The grouse shooters and farmers would claim that their activities create a working countryside, and make at least some contribution towards its upkeep. But many of the urban dwelling middle classes who are anti-shooting and increasingly vegetarian would claim that it is their taxes which pay the subsidies for the countryside, so it should be there for them to enjoy as they wish. This is the crux of the debate, and this the latest chapter of one started on that spring morning in 1932 with the mass trespass on Kinder, when factory workers from Manchester confronted the gamekeepers of the shooting estates and asserted their ‘right to roam’. This contributed to the 1949 National Parks and Access to Countryside Act, and then the creation of the Peak District National Park in 1951 – the first National Park in the UK.

The National Parks structure is currently undergoing its first review, and it is fitting that this review is led by Derbyshire-based Julian Glover, and that his panel includes Jim Dixon, past CEO of the Peak District National Park.

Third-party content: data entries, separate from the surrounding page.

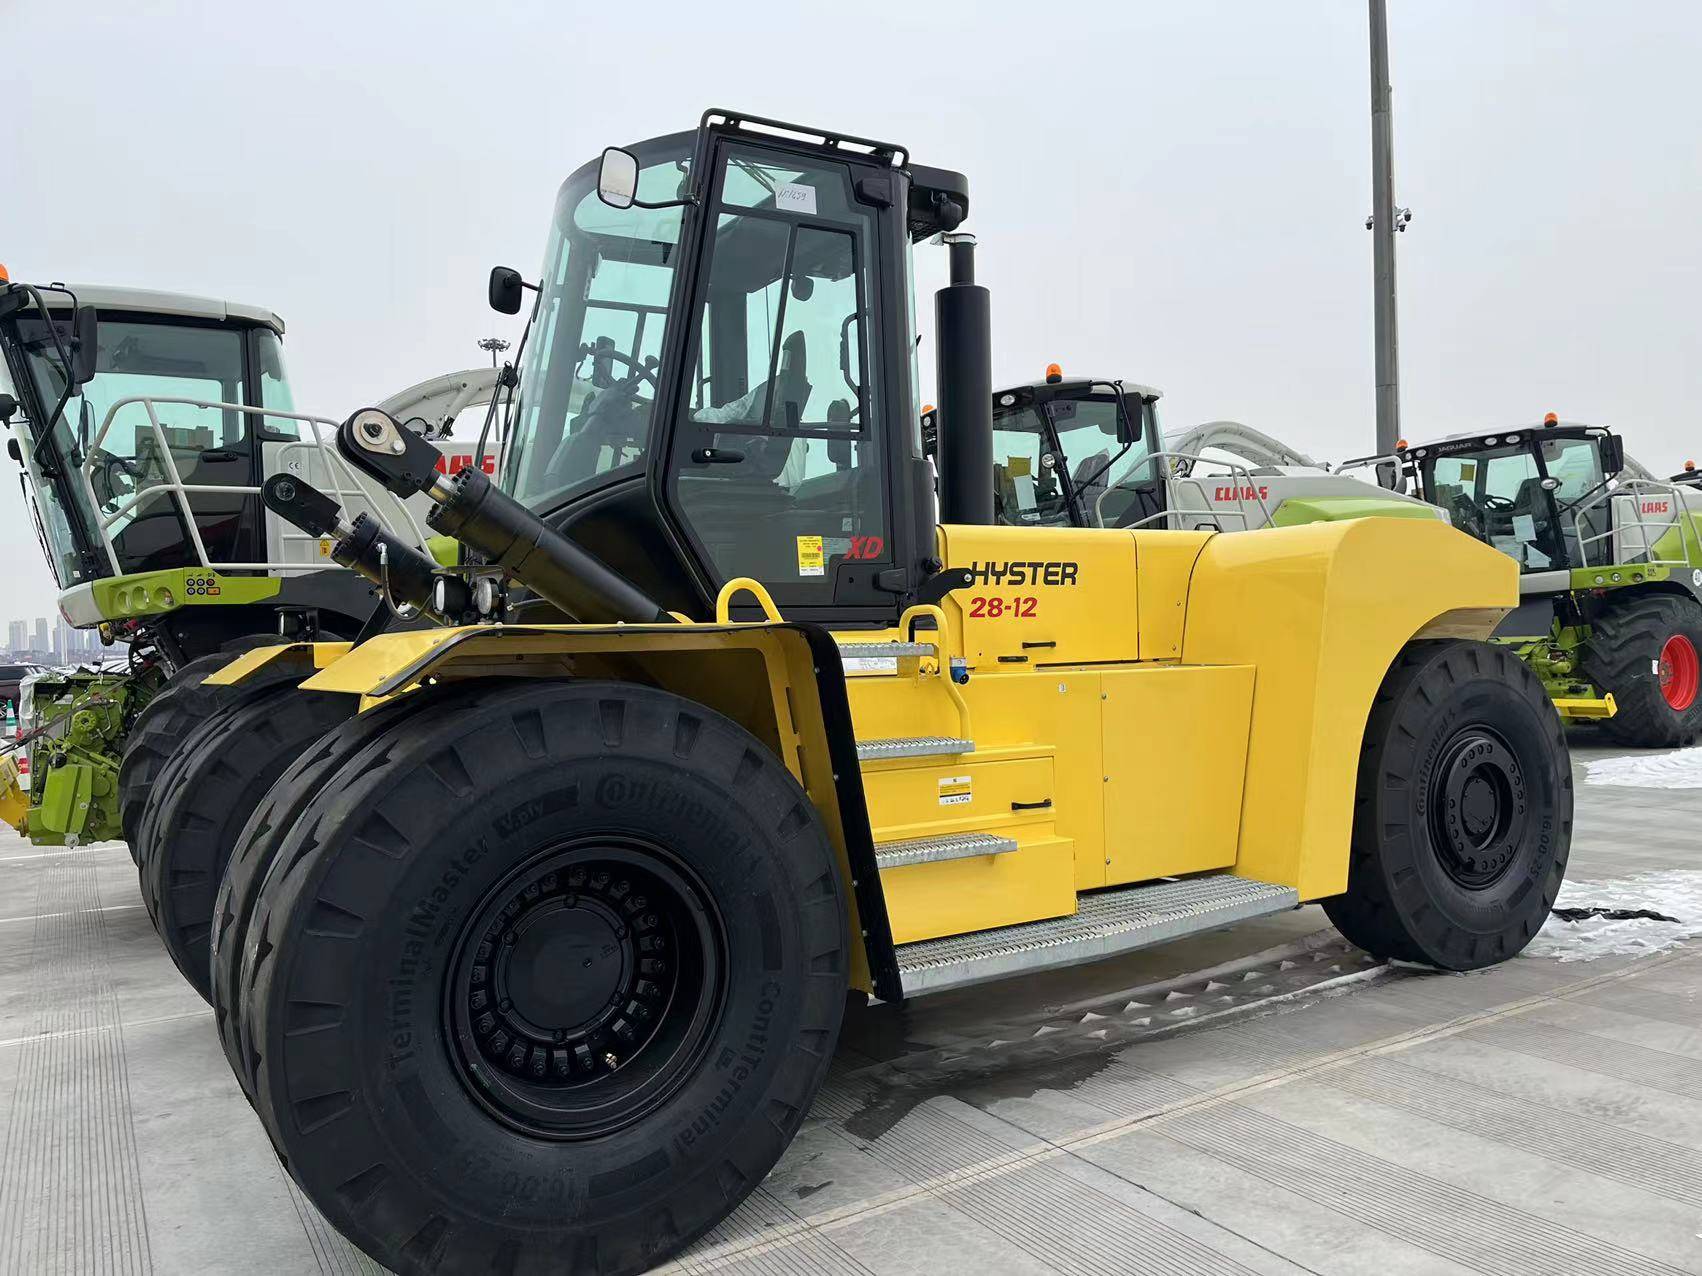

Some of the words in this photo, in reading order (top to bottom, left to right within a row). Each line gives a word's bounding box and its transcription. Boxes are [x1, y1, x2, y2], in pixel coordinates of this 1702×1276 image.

[1215, 486, 1268, 502] CLAAS
[843, 536, 884, 561] XD
[970, 561, 1079, 586] HYSTER
[969, 597, 1038, 618] 28-12
[672, 979, 783, 1160] ContiTerminal

These are some of the competing visions for how the change in the uplands will happen – for how our hills and moors will look. My rainy night in Buxton was a first step towards helping me discover how some of those involved would like to see the Dark Peak District develop.

Over the coming months, Derbyshire Life will talk to three key groups about their own personal vision for the future of the moors: the farmers, the grouse shooters, and the rewilders, where we will speak to Tim Birch of the Derbyshire Wildlife Trust, about how a wilder Dark Peak might look.